Ericsson-LG has unequivocally re-established its credentials in the UK, made remarkable progress in regaining market share, continued to innovate its portfolio, beaten a path to the mid-market and beyond, and built a new project with the iPECS Cloud platform - and there is no lack in ambition and belief to become a top three UK vendor.
Occasionally in comms the stars align. Ericsson-LG is an innovative vendor with a globally recognised brand and Pragma a model modern distributor. Their pairing in 2012 was a response to Ericsson-LG's diminishing UK market share. Pragma, a start-up at the time with support from Ericsson-LG, had unleashed a new channel force, clearly evident during its annual Partner Conference staged last month at Whittlebury Hall with 140 delegates in attendance.

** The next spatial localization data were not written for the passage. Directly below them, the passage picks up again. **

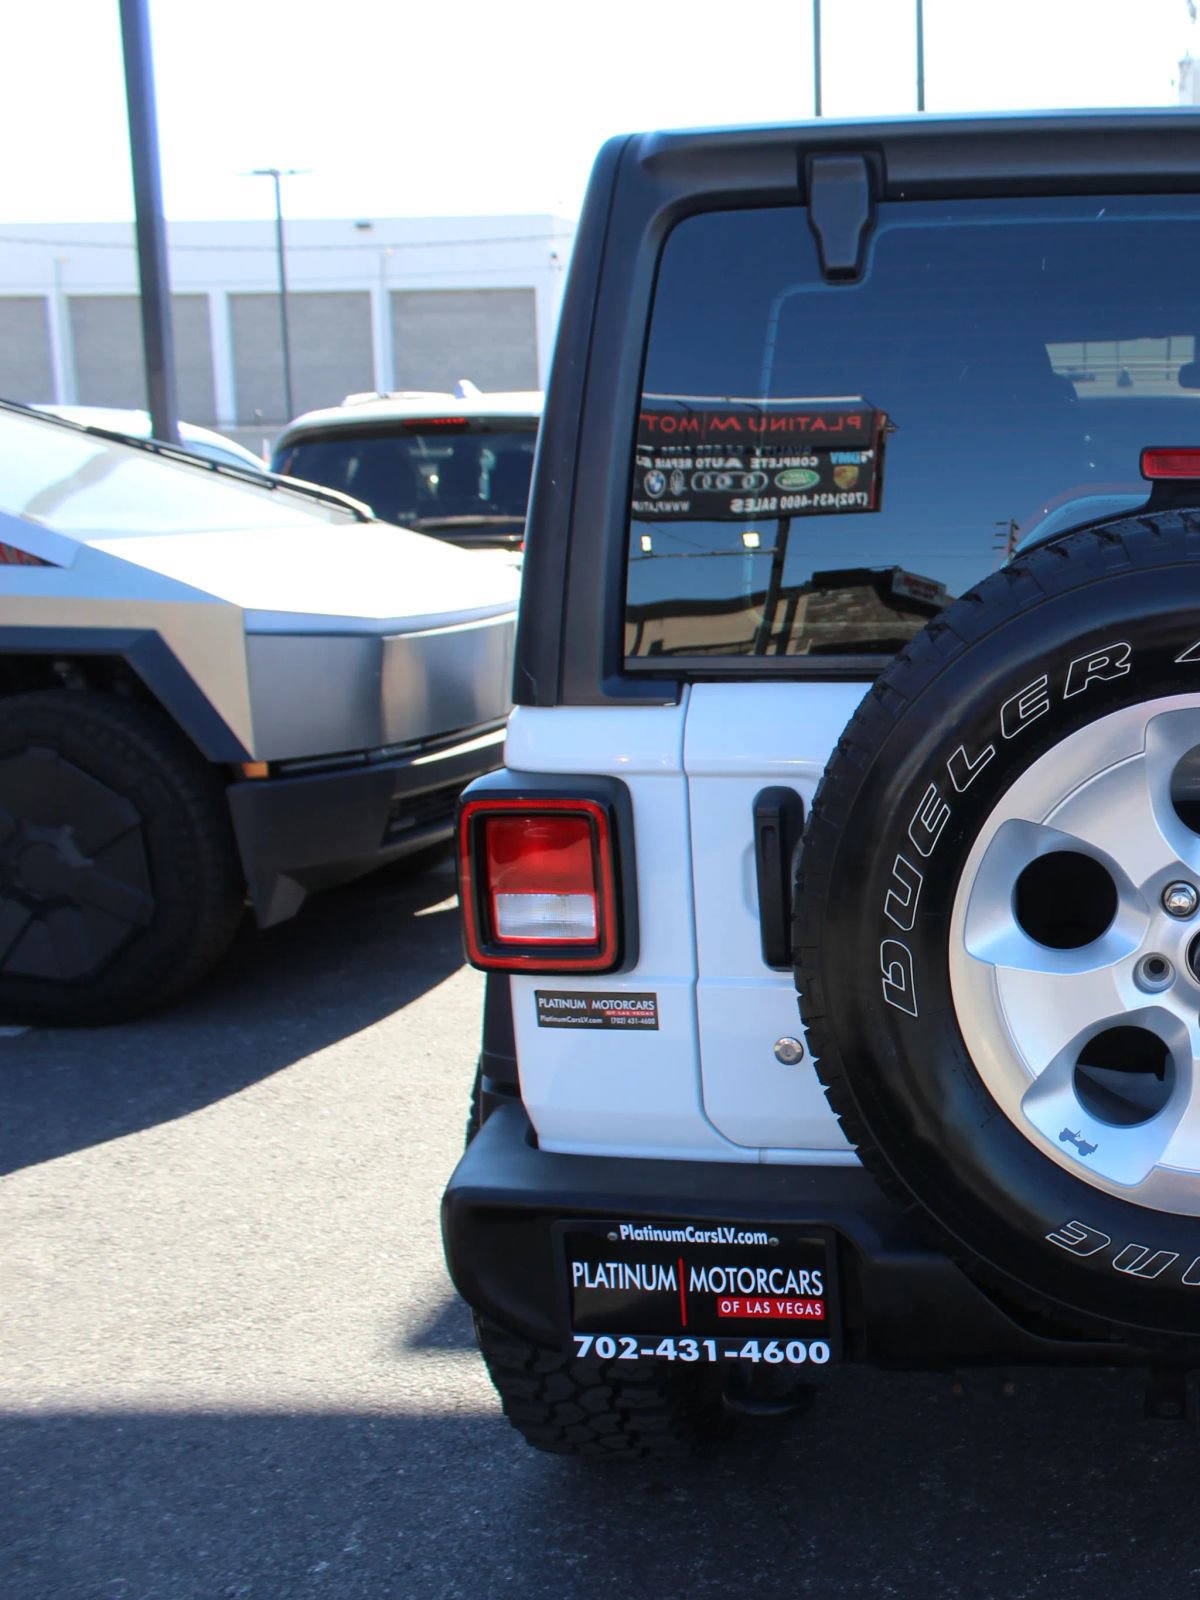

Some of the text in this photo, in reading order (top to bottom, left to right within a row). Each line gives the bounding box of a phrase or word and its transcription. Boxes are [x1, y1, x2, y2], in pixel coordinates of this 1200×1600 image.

[879, 641, 1132, 1018] DUELER
[538, 997, 655, 1010] PLATINUM MOTORCARS
[540, 1015, 603, 1024] PlatinumCarsLV.com
[619, 1223, 768, 1245] PlatinumCarsLV.com
[572, 1261, 824, 1296] PLATINUM MOTORCARS
[721, 1300, 822, 1316] OF LAS VEGAS
[573, 1335, 831, 1364] 702-431-4600

In the UK market Ericsson-LG's confidence has soared to a ten year high, and the Pragma 2015 scorecard report is just as encouraging, explained Managing Director Tim Brooks. He said Pragma's targets for last year were largely met. The distributor grew its SME business, increased its presence in the mid-market, maintained a policy of controlled distribution and improved support operations.
The fifth objective, the launch of iPECS Cloud, required more effort than first thought and work to simplify the interface and user portals put the brakes on planned progress. But this 'box' has now been emphatically ticked with the launch of a fully featured, multi-tenanted and reseller-centric hosted solution (more on this later in the article).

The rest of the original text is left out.